--- TASK OBJECTIVE ---
Would you return the listing that follows exactly, leaving its pictures behind?
#### EXTRACTED MATERIAL
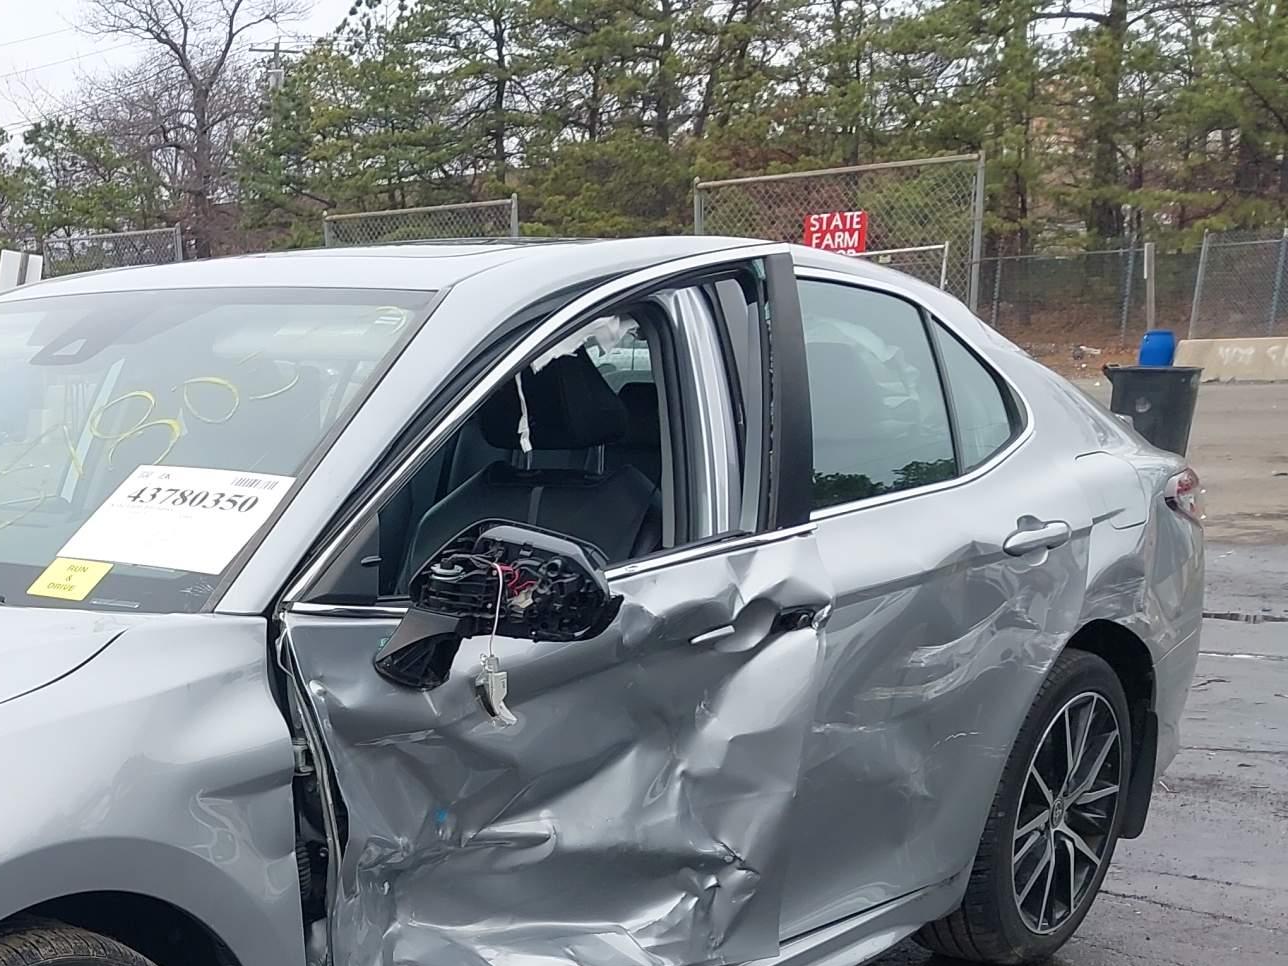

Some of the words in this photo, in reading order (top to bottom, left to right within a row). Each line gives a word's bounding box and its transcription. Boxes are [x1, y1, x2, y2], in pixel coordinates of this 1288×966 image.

[809, 211, 863, 231] STATE
[812, 231, 859, 249] FARM
[127, 486, 260, 513] 43780350
[66, 564, 89, 573] RUN
[46, 582, 76, 592] DRIVE
########
--- RESPONSE ---
Some of the words in this photo, in reading order (top to bottom, left to right within a row). Each line gives a word's bounding box and its transcription. Boxes are [x1, y1, x2, y2], in pixel coordinates of this 1288×966 image.

[809, 211, 863, 231] STATE
[812, 231, 859, 249] FARM
[127, 486, 260, 513] 43780350
[66, 564, 89, 573] RUN
[46, 582, 76, 592] DRIVE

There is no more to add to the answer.